As I write this, I’m seated in the middle of a popular beach resort in Boracay, surrounded by concrete structures, a chlorinated pool, and Caucasian women baking under the 10 am sunlight. There are green and blue striped beach towels on the rattan-like chairs and maintenance staff are around to cater to their guests’ every whim. My son is drinking a P122 buko juice after wading in the hotel pool. We are billeted in an air-conditioned room nearby.
It’s paradise, alright, but it’s a far cry from the Boracay I’ve known and loved since 1987. Back then, there was no electricity on the entire island. We needed flashlights to see at night. Bicycles could be rented for half a day, and we had the main road all to ourselves. There were no tricycles, trucks, mini-vans or motorbikes in sight. The nipa huts we rented had beds covered in mosquito nets to ward off flies. Joni’s fruit shakes were the highlight of our trip, and we knew our shakes were being made when the loud murmur of the generator competed with the whir of the blender.
Saying it’s changed since those early days is an understatement. Boracay has undergone a dramatic transformation in the past few decades. Naysayers have criticised it for selling out, dismissing it as a cautionary tale of paradise lost. Old timers long for those innocent bygone days when the main beach could be enjoyed for its quiet, effortless beauty.
Personally, I miss watching sunsets in relative silence, with the water kissing the shore again and again and again until there’s nothing left to see but the stars and a few flickering lights in the distance.
In the early days, businesses sprouted organically: tourists needed a place to sleep, so the locals set up huts for rent; the heat of the sun made you crave for something ice cold, so the famous fruit shake was created to quench people’s thirst; people wanted celebrate the full moon, so bars were created for everyone to party the night away.
But it was hard to keep Boracay a secret for too long. People started to arrive in droves in the late 90’s. Everyone was enamoured by the powdery white sand, idyllic landscape and carefree lifestyle. I’ve witnessed countless people from all walks of life visit the island with the intention of vacationing for a few days, only to leave their former lives behind to become permanent residents. Many of them have gained a foothold on the island. Some have established their own restaurants and businesses. Others have gone on to hold political posts in the local government.
And then there are also those who lament losing the old Boracay to rampant commercialism. They say that it has turned into a cash cow for many businesses, tarnishing its natural beauty.
More than anything else, the thing I miss the most about Boracay is the feeling of escape from the city. Back then, it was so easy to settle into vacation mode as soon as I felt the sand tickling my bare feet.
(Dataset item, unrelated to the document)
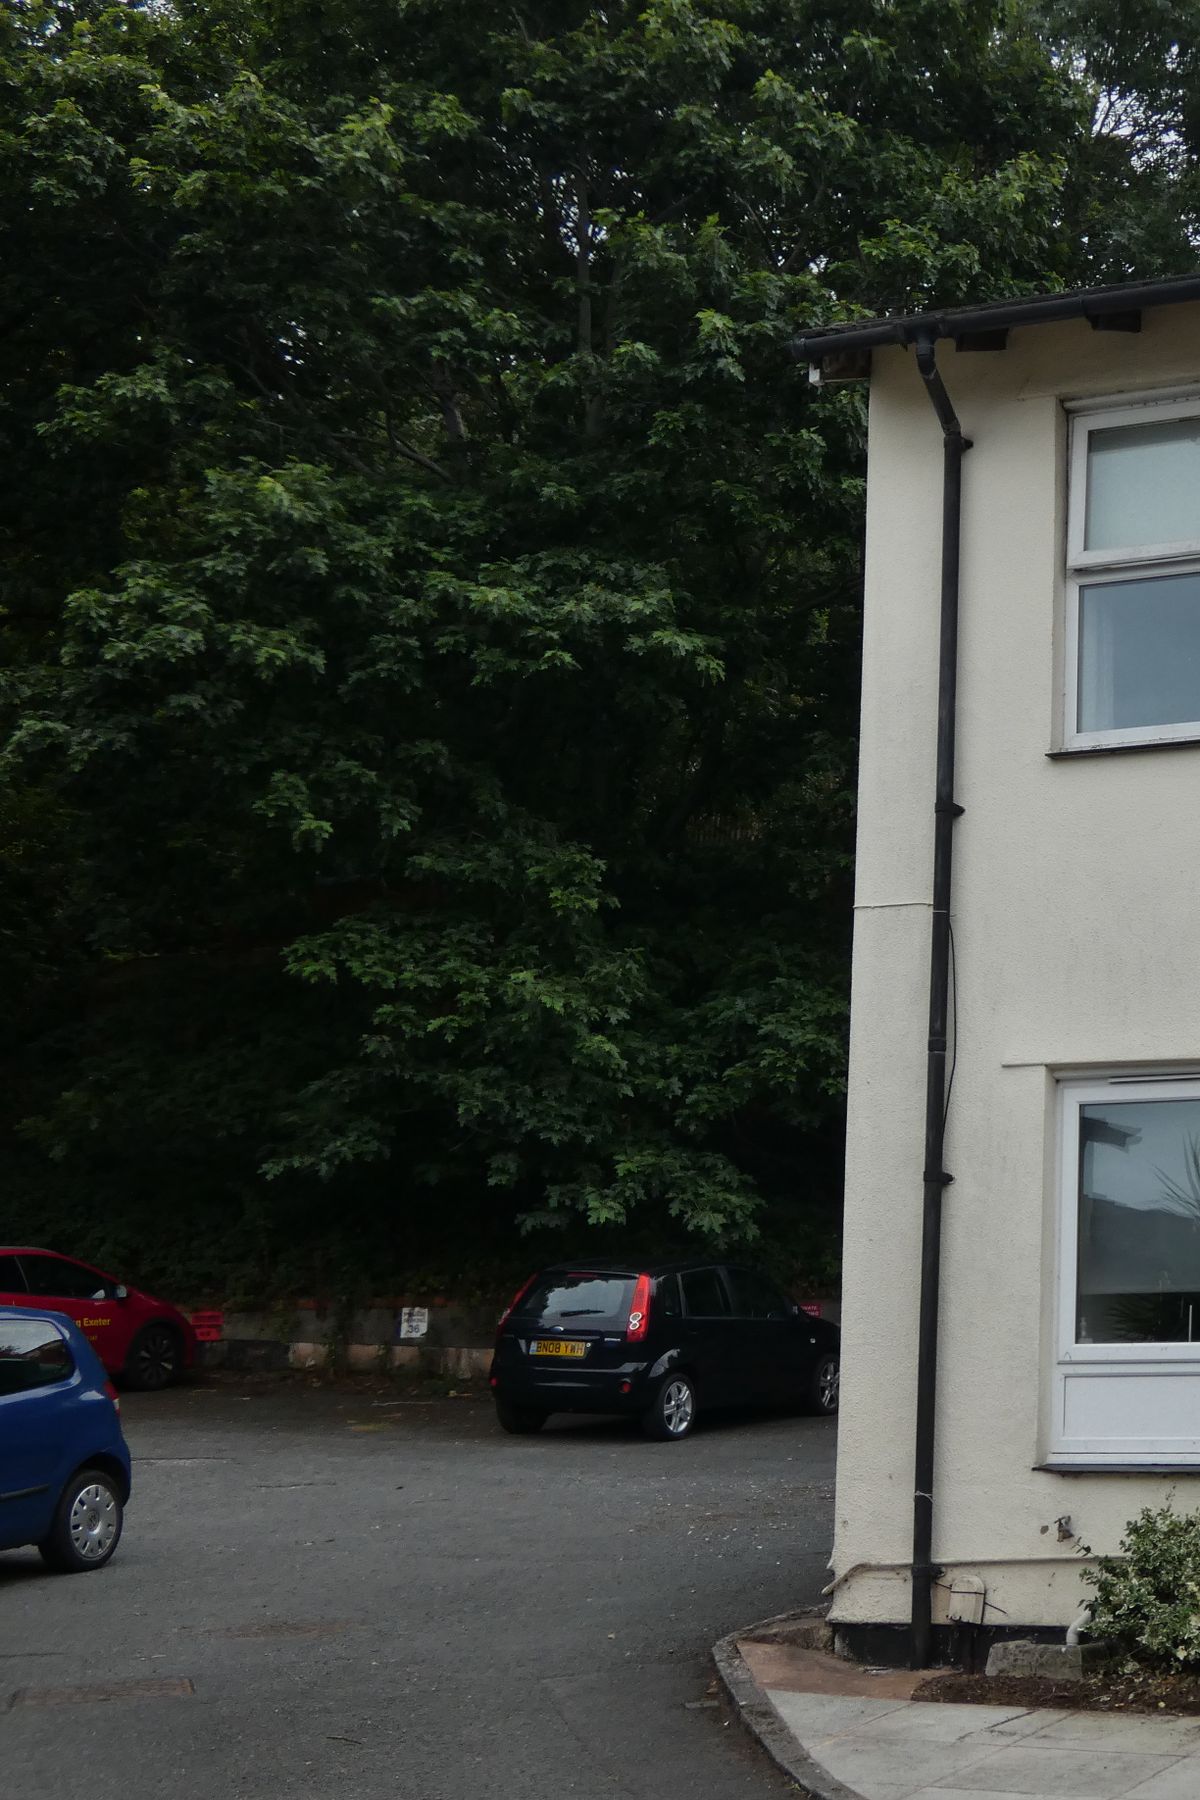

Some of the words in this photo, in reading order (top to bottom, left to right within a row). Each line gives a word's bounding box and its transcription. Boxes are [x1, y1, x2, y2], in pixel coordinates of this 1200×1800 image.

[83, 1318, 111, 1327] Exeter
[407, 1324, 420, 1333] 36
[536, 1341, 561, 1353] BN08
I could be dropped off right in front of my rented hut in Station 2, shimmy into my bathing suit and jump into the water in less than five minutes.
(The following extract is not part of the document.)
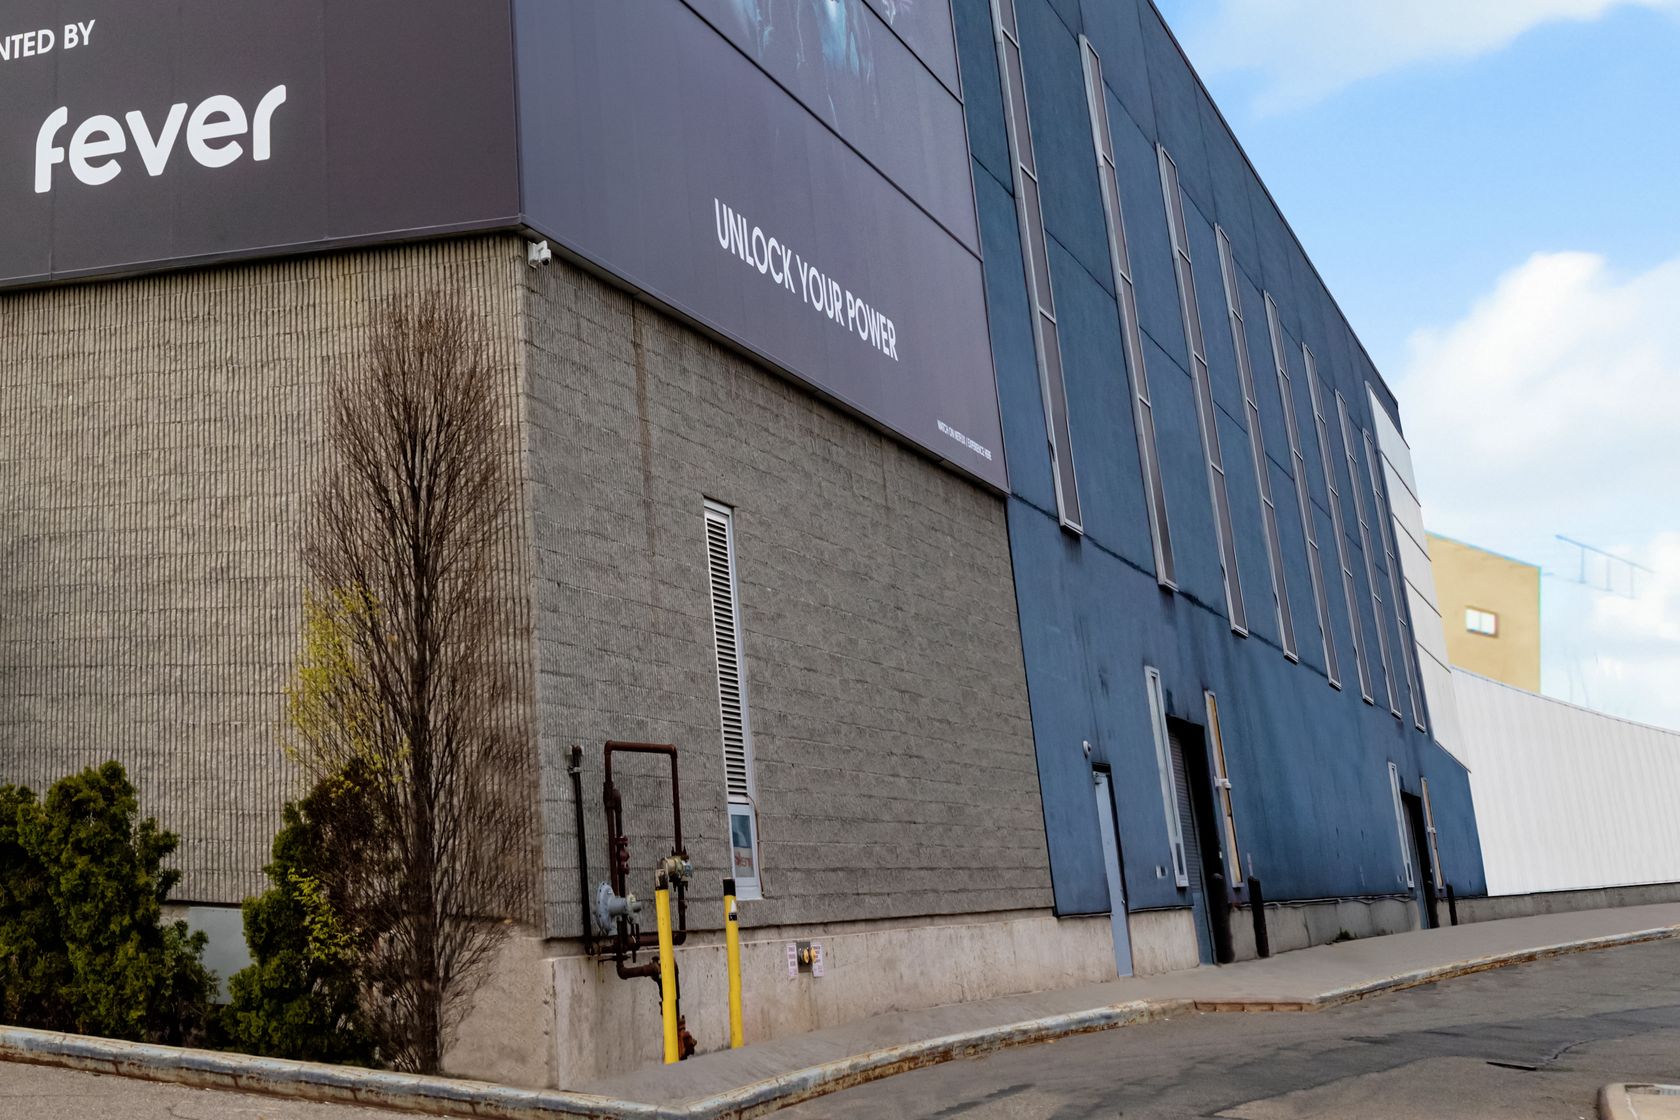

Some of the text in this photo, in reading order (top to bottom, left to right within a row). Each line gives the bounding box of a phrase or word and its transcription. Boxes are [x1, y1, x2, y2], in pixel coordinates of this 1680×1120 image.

[63, 19, 96, 50] BY
[34, 84, 287, 194] fever
[714, 197, 899, 362] UNLOCK YOUR POWER
Today its not as easy to do that. We had to be dropped off at the Cagban jetty port, ride a tricycle to the hotel, and wait the whole morning before having an available room. The sound of buildings being renovated or constructed was everywhere, and there was no quiet corner to be seen.
Today, even through it’s getting harder and harder to find the kind of Boracay vacation I used to enjoy in my teenage years, I still see it as an island paradise. Where else in the country can you find every type of food imaginable packed in one place? With cuisines ranging from Italian to Japanese to Korean to Filipino and everything else in between, it’s a real food haven.
There’s always something going on somewhere on the island. Regardless of whether you’re looking for a nice quiet night cap or an exciting party to meet new people, you’re bound to find what you’re looking for.
The sunset is still one for the books, bar none. It’s remains to be one of the best places to go to if you want to widen your horizons, what with the endless opportunity to meet people from different parts of the world all flocking to this corner of the Philippines.
While I miss the Boracay of old, I don’t dismiss it so easily. Some parts of the island paradise I’ve come to love still remain. Sometimes you’ll probably have to pay a bit more to enjoy that quiet nook on the island. Other times you might be lucky enough to stumble upon them without the steep price tag. The innocent Boracay of yore might be gone forever, but some of it is still there. You just need to search that much harder, or maybe pay a bit more, to find it.